The world’s main economies are in recession while the trade tensions between the world´s greatest powers may be heading towards a different stage of the economic crisis unleashed by the appearance of COVID-19 pandemic, according to a press release from Alacero Thursday. The fall of commodity prices, the devaluation of the currencies, the United States’ protectionism and the pressure of China’s unfair prices on local production have contributed to increase the uncertainty in the region, Alacero said.
In 2019, Chinese exports to Latin America related to indirect steel trade grew 3.5 percent, reaching US$49.154 billion. The amount of Chinese steel entering the region rose 3 percent when compared to 2018, equivalent to some 7 million mt. Considering this context as well as the drive to maintain the industrialization levels of the Latin American steelmaking industry, Alacero advises local governments to impose greater control over the imports, to fight unfair trade. “After the pandemic, the trend is for the world’s steel demand to favor the countries that have enough overcapacity to resume low-cost production. Therefore, we recommend continued investments in infrastructure and consumption of the local production as ways to achieve a greater representation of Latin American steel in regional consumption”, stated Francisco Leal, Alacero’s General Director.
Brazil and Mexico are the main consumers of indirectly traded Chinese steel, corresponding to 57 percent of the total value imported by the region. In tons, this represents approximately 45 percent of the imports. Mexico, despite the low amount of imports of Chinese rolled products, was the main indirect trade market with US$17.157 billion, a growth of 5.8 percent compared to 2018. Brazil had an increase of 4.5 percent in the related expenses, reaching US$11.068 billion.
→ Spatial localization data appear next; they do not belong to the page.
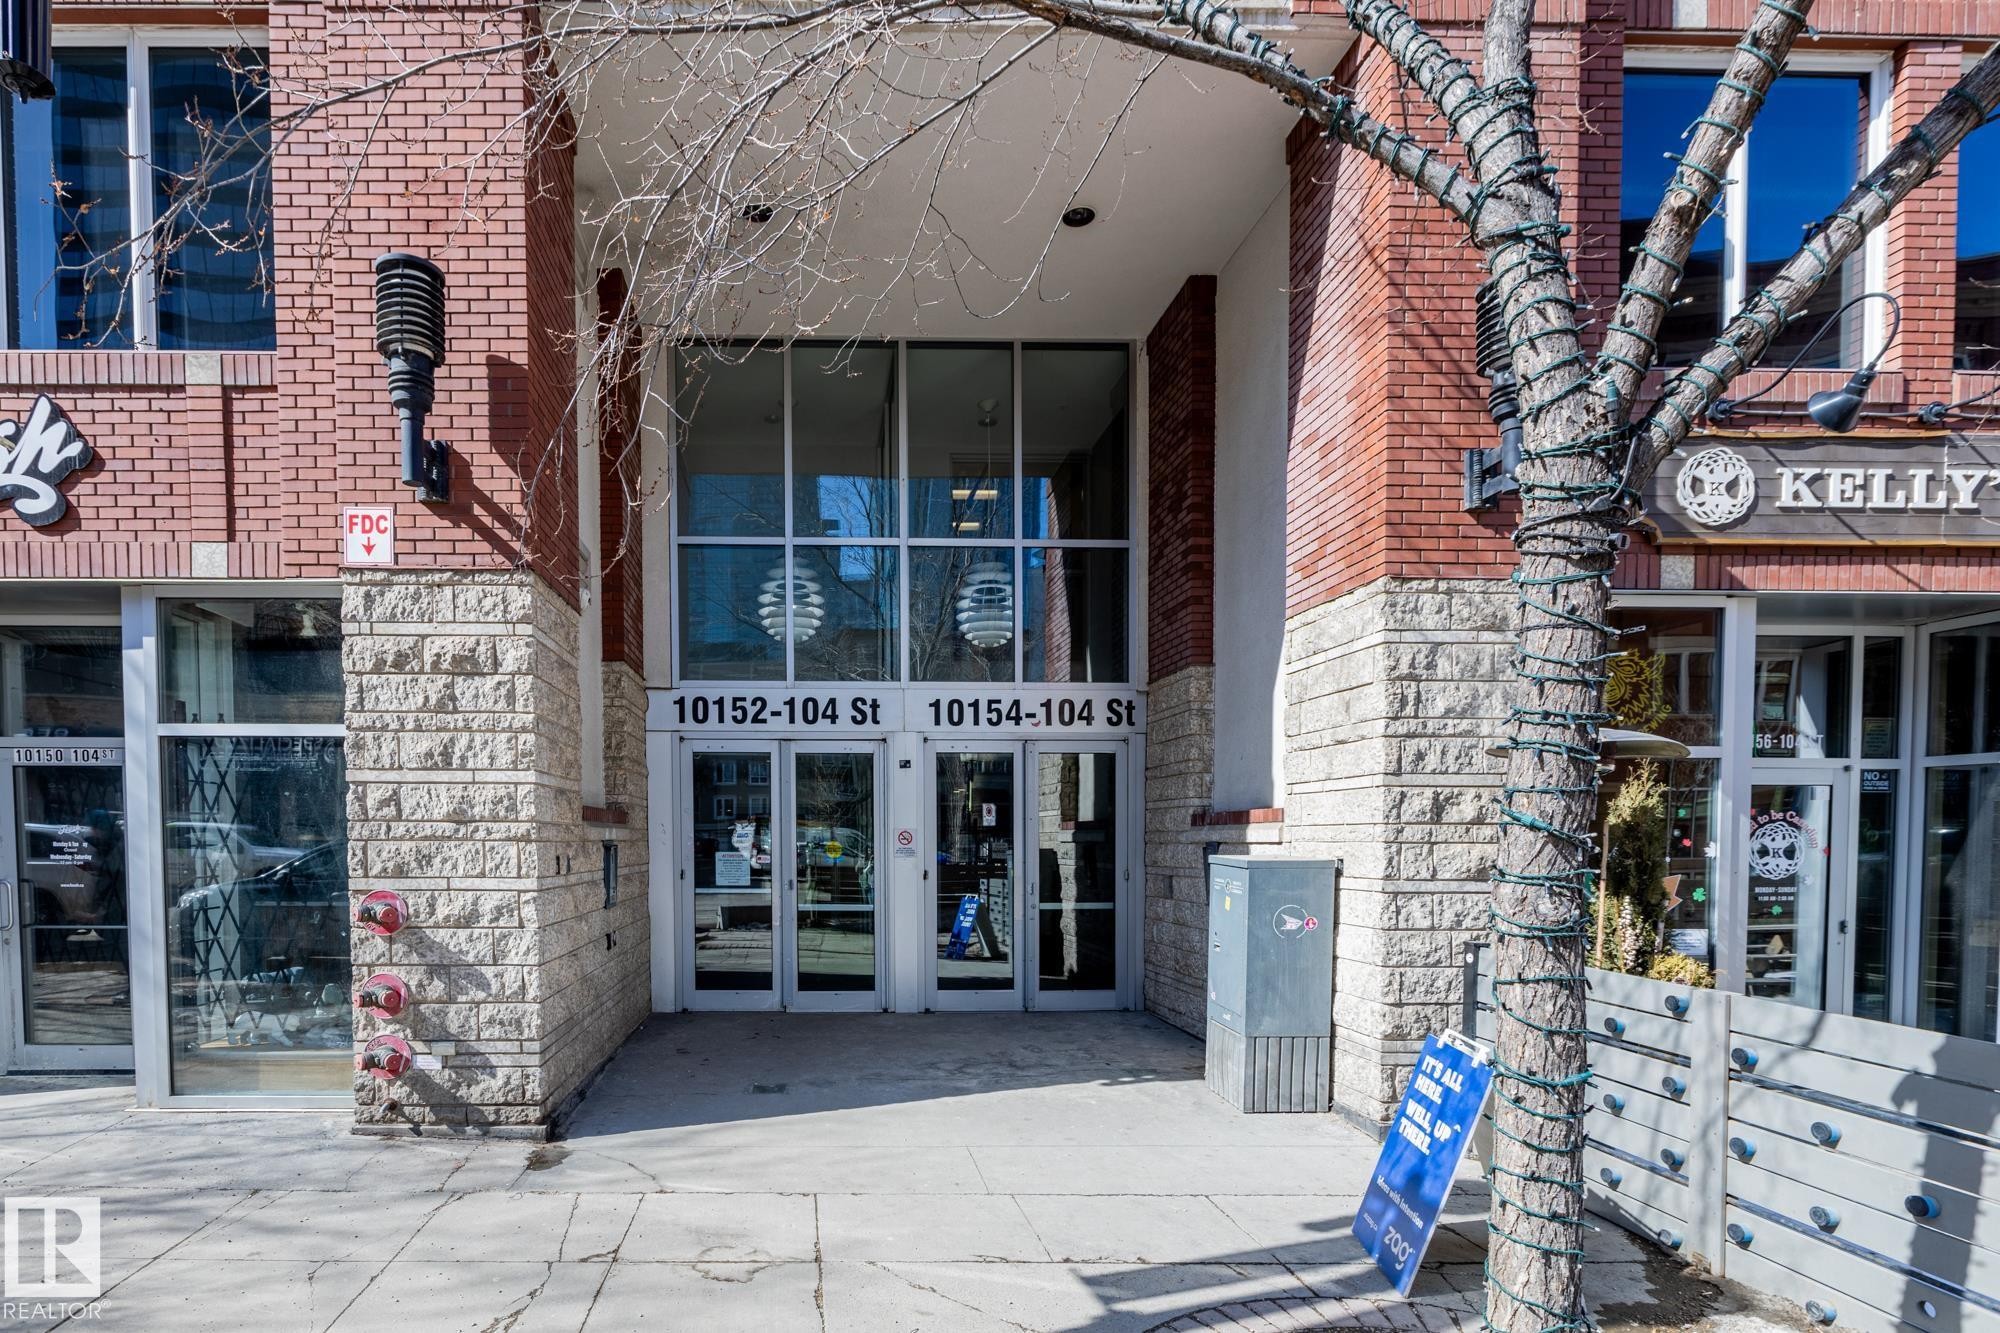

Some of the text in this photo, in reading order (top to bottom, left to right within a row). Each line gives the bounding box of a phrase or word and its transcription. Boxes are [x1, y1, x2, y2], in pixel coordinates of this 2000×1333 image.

[348, 514, 388, 534] FDC
[673, 697, 880, 726] 10152-104 St
[928, 698, 1136, 727] 10154-104 St
[16, 749, 115, 762] 10150 104 ST
[1864, 772, 1880, 780] NO
[1770, 810, 1784, 820] be
[1421, 1055, 1464, 1093] IT'S ALL
[1433, 1119, 1452, 1142] UP
The Chinese exports to Latin America of products included in the indirect steel trade reached 7 million mt in 2019. Among the incoming products that arriving in the region were cars and commercial vehicles, in a total of 1.22 million mt, representing the most significant participation in terms of dollar value (US$9.454 billion, 19 percent of the total). On the other hand, the exchange of rolled and derived products between China and Latin America fell in 2019, but in a scenario of regional loss of added value production.
The main destinations of rolled products and derived steel products shipped from China to Latin America were Chile, who received 1.2 million mt (20 percent of the region’s total), Peru (1.1 million mt, 17 percent), Central America (1 million mt, 16 percent) and Brazil (0.8 million mt, 13 percent). Overall, the region experienced a decrease of 14 percent in imports. However, the increase in the indirect trade of Chinese products with high steel content to Latin America was not enough to increase the trade deficit. Therefore, the exchange of rolled and derived products between China and Latin America suffered a strong downturn, even though the total steel imports by Latin America from China, which includes rolled products (long steel products, flat steel and seamless tubes) and derived products (wires and welded tubes), reached 0.018 million mt, 56 percent more than in 2018 (0.012 million mt).
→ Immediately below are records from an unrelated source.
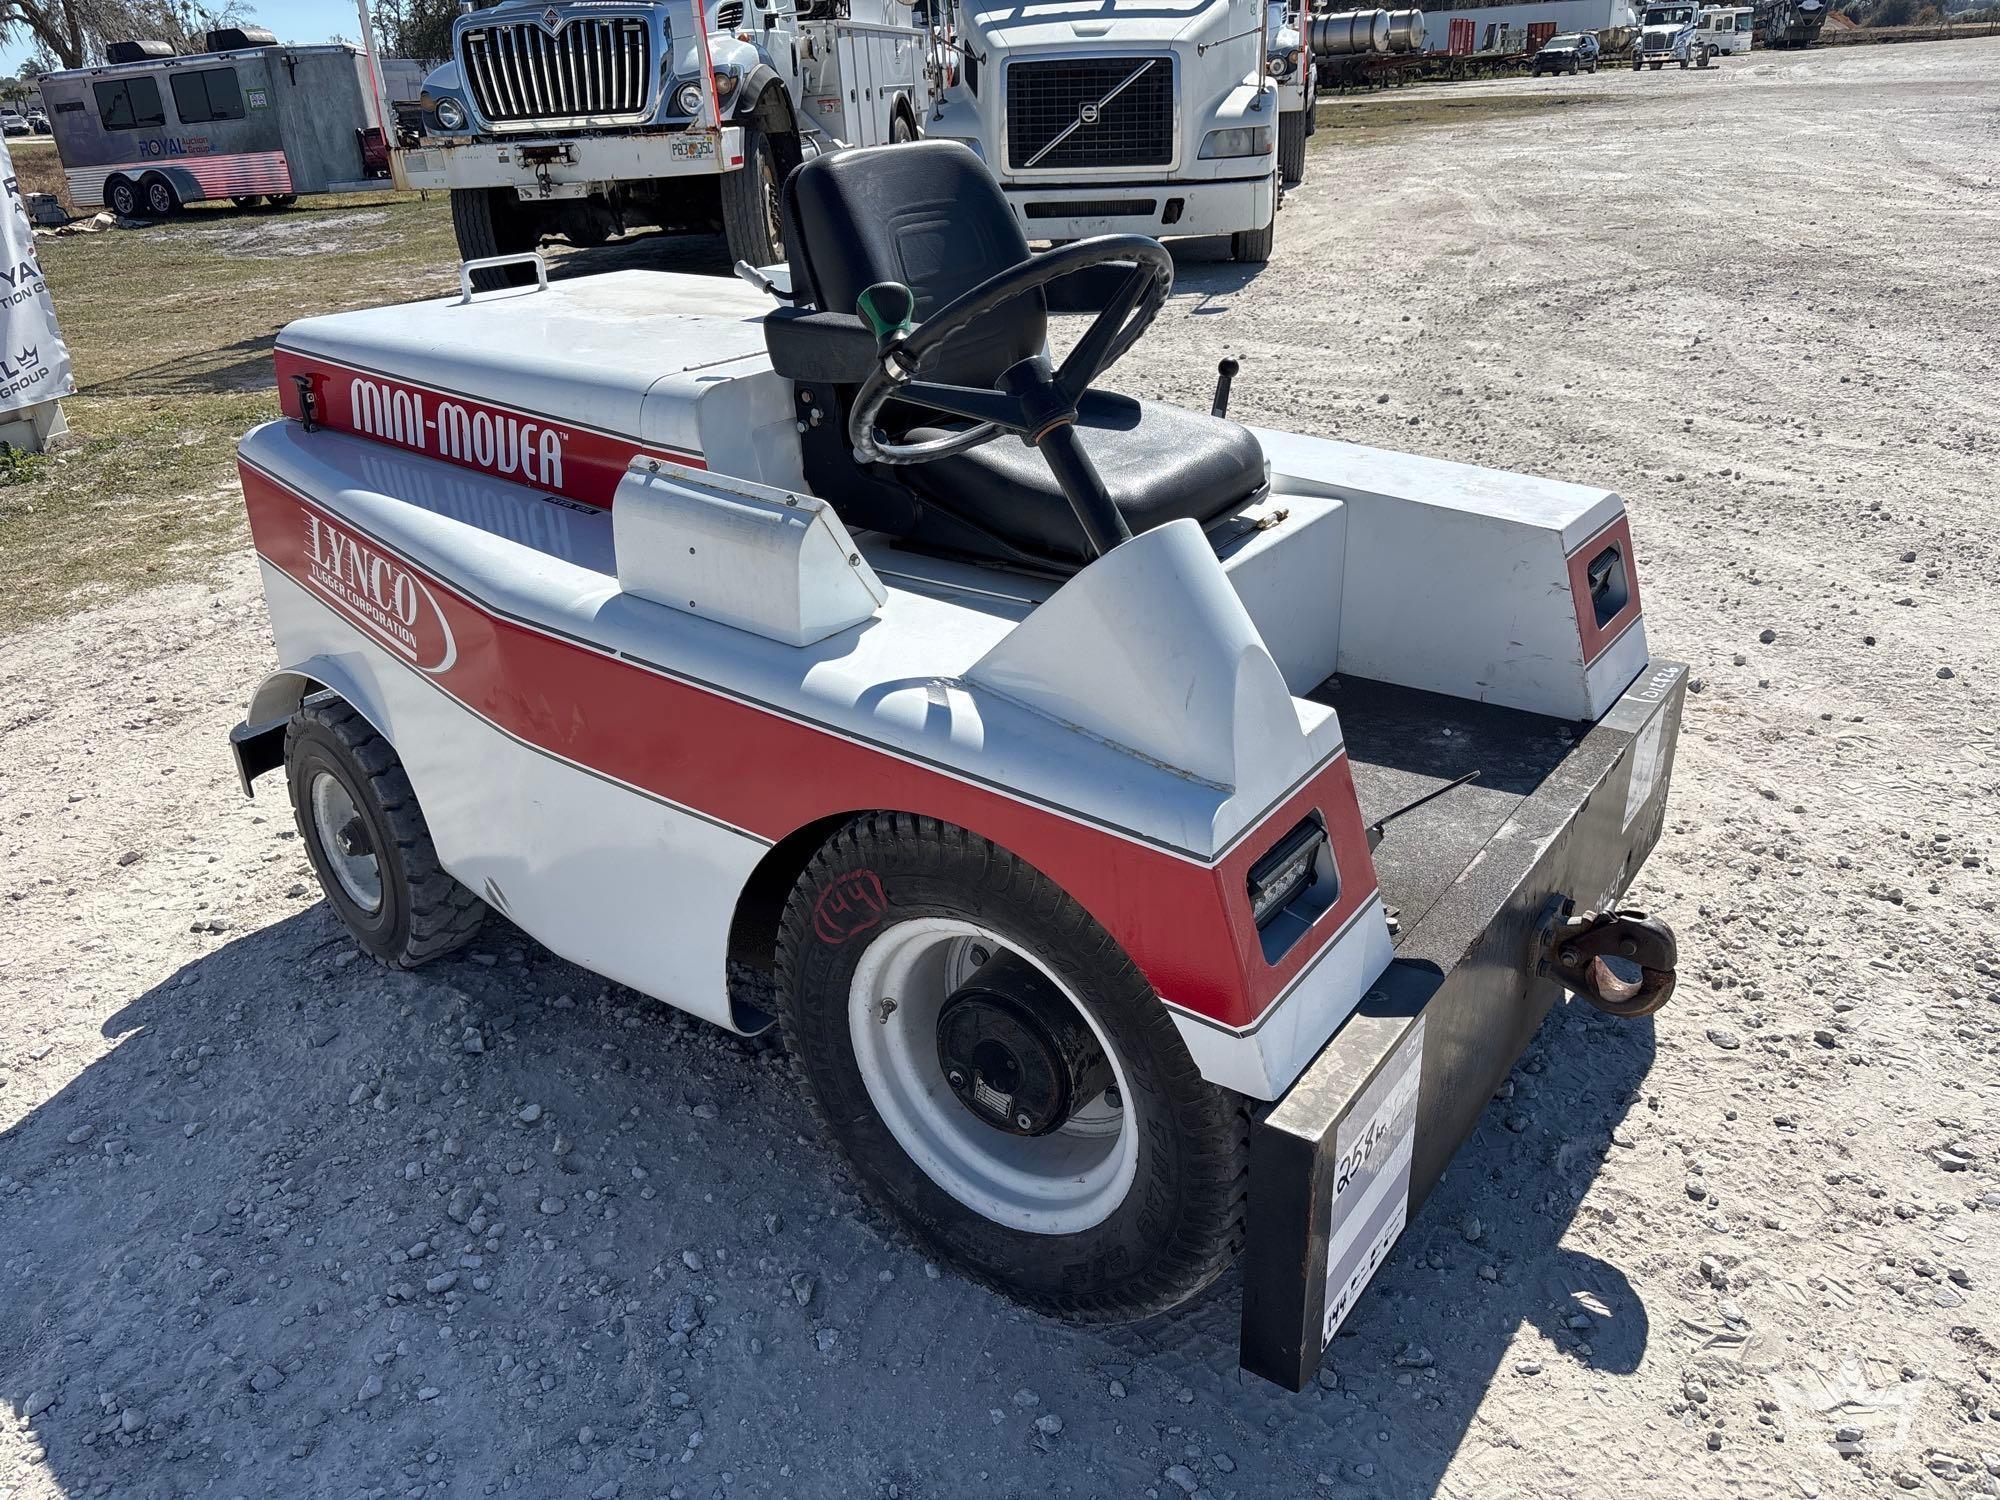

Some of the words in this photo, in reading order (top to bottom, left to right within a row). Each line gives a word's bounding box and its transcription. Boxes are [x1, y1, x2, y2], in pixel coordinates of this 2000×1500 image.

[139, 138, 187, 157] ROYAL
[182, 136, 208, 145] Auction
[187, 146, 210, 154] Group
[0, 367, 50, 399] GROUP
[351, 378, 563, 489] MINI-MOVER
[301, 508, 417, 626] LYNCO
[310, 563, 347, 597] TUGGER
[347, 590, 417, 649] CORPORATION
[820, 881, 881, 933] 144
[1336, 1118, 1377, 1195] 258
[1327, 1290, 1347, 1333] 144
The trade balance of Latin American rolled products, which in 2018 presented a deficit of US$5.493 billion, registered a deficit of US$4.421 billion in 2019, 20 percent less due to the reduction of Chinese imports. The trade balance, together with the reindustrialization process, may be attained with the increase of local consumption and expansion of installed capacity.
Imports represented 35 percent of the region’s consumption in 2019, of which 25 percent were due to China. This represents a decrease of 11 percent in the representativeness of Chinese imports in the apparent consumption of the Latin American rolled products. Despite the decline in trading prices, due to the tax incentives given to the industry, China managed to keep a greater flexibility in the trade negotiations at unfair prices.
In 2019, there were 74 active anti-dumping actions regarding the steel industry in Latin America, 14 percent more than what was previously reported (65), and of these 50 were against China (42 were filed before 2018). This demonstrates the joint efforts of the countries in the region in 2019 to define the Latin American trade defense were steel is concerned. Mexico and Brazil were the countries in Latin America that most filed charges against China in 2019: of the 50 active cases, 18 were filed in Mexico and 18 in Brazil, jointly representing 72 percent of the total number of claims against China in Latin America. However, it is important to highlight the efforts being made by Colombia to protect its trade borders, going from 3 anti-dumping actions in 2018 to 8 in 2019, which is an increase of 167 percent.
In a period of global trade uncertainty, Alacero said it recommends valuing trade between Latin American countries to minimize risks. The best path is to apply the raw material to manufacturing products of added value in the local industry, which requires an increase in the regional production capacity, Alacero said. Studies by the Inter-American Development Bank (IADB) indicate that closing the infrastructure gap in the region would require annual investments of 2.5 percent of the Latin American GDP (US$150 billion) for at least a decade and a half, in sectors related to the production/distribution of energy, transportation, telecommunication and construction.